The Company owns an undivided interest in the Eugene Island Pipeline System. The Company also owned an individual interest in the South Pass West Delta System until it was sold during 2011. These pipelines are maintained and operated pursuant to their joint ownership participation and operating agreements. Ownership of each of these pipelines has been structured as ownership of an undivided interest in assets, not as an ownership interest in a partnership, limited liability company, joint venture or other forms of entity. Each owner of an undivided interest in these pipelines separately controls the marketing and customer relationships and invoicing for its interest in the pipelines, and each owner is responsible for any loss, damage or injury that may occur to its customers. As a result, the Company applies proportionate consolidation for its interests in these pipeline systems.
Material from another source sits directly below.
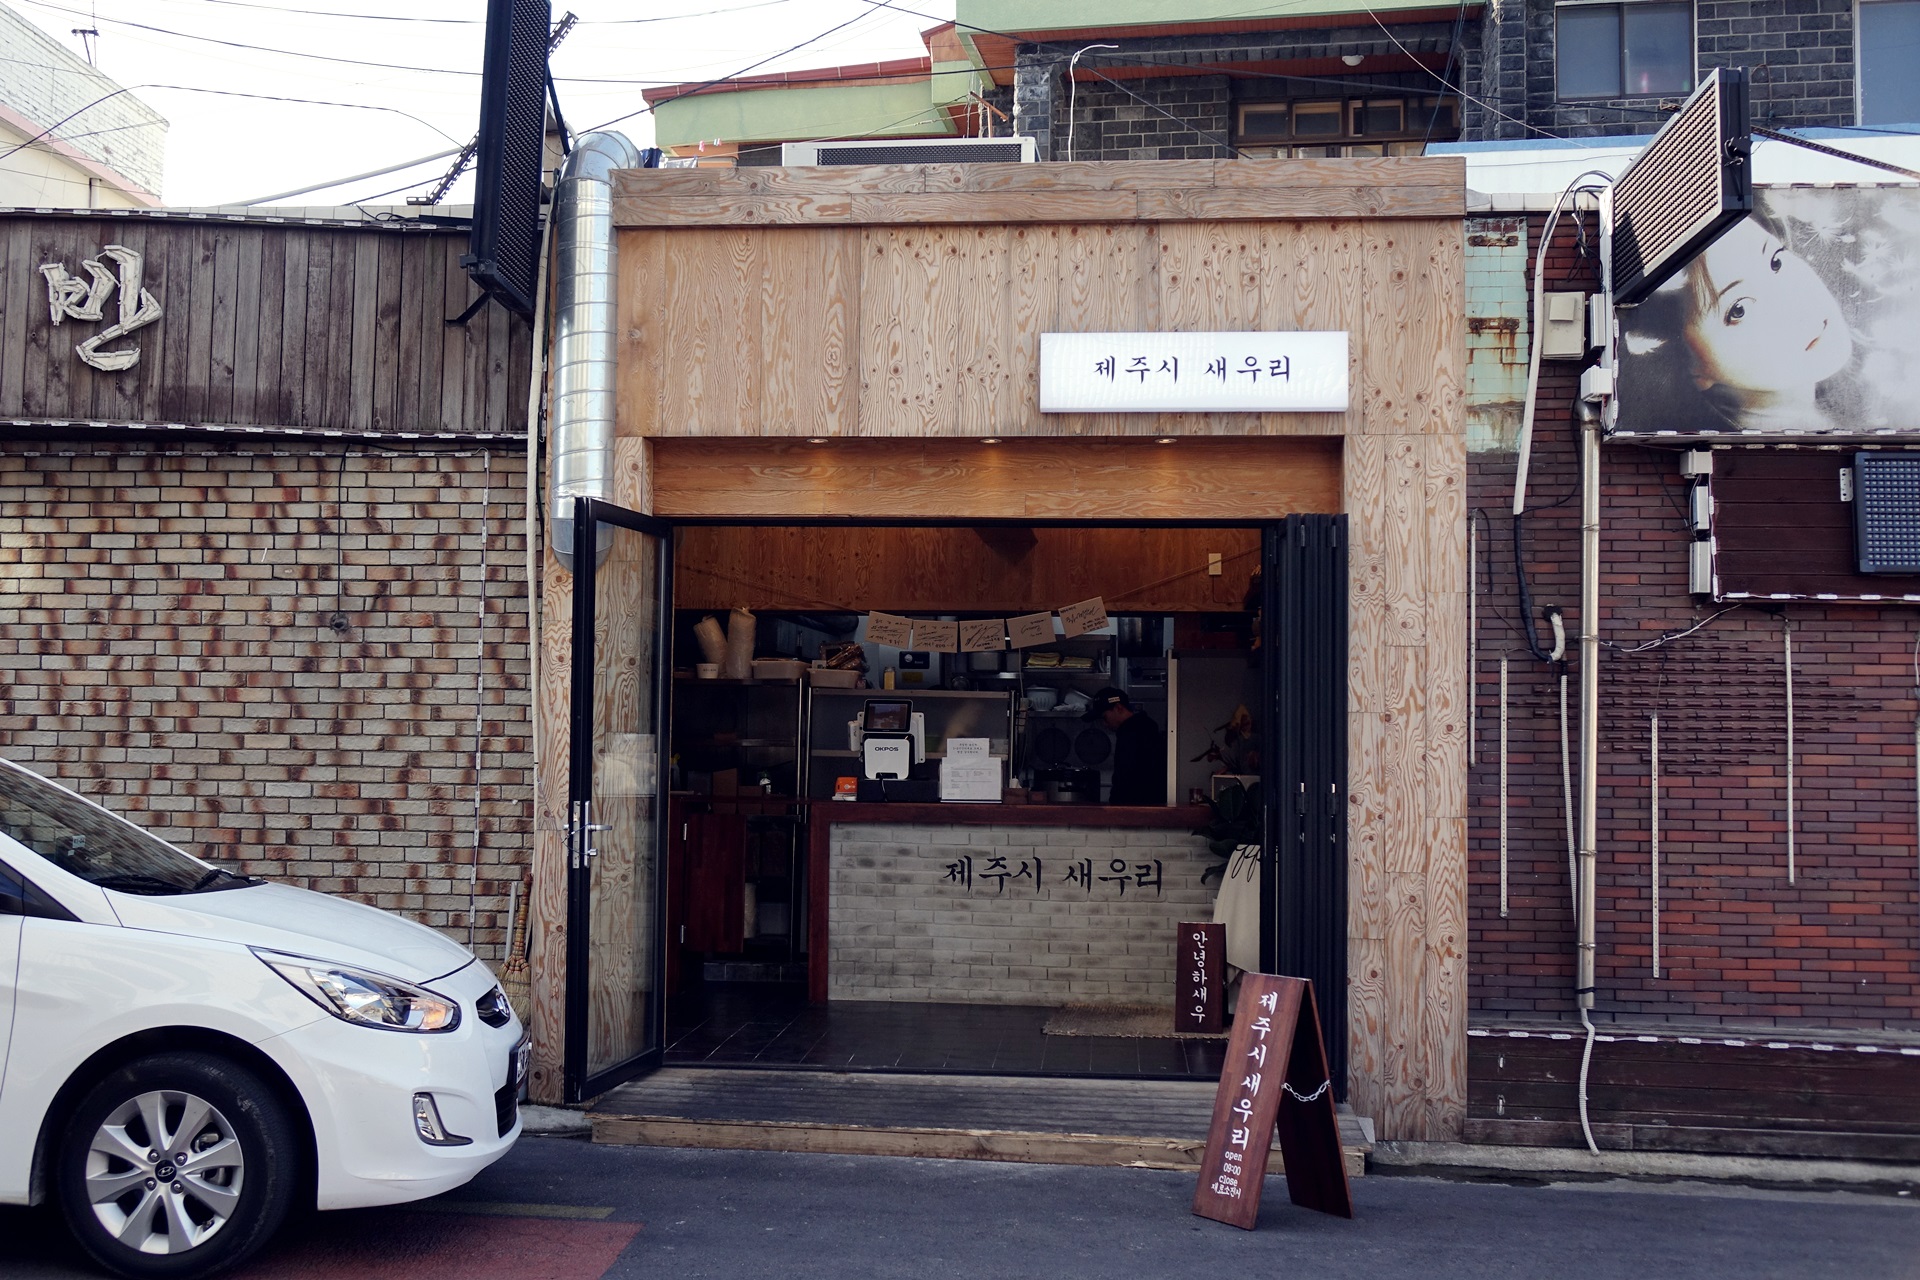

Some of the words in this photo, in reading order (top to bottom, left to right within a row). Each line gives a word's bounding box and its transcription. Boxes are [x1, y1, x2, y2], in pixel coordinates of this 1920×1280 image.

3. Summary of Principal Accounting Policies
Use of estimates – The preparation of financial statements in accordance with generally accepted accounting principles requires management to make estimates and assumptions that affect the reported amounts of assets and liabilities and the disclosure of contingent assets and liabilities as of the date of the financial statements and the reported amounts of revenues and expenses during the respective reporting periods.
Revenue recognition – Revenues are recognized when products are shipped or services are provided to customers, title is transferred, the sales price is fixed or determinable and collectability is reasonably assured. Costs associated with revenues are recorded in cost of revenues.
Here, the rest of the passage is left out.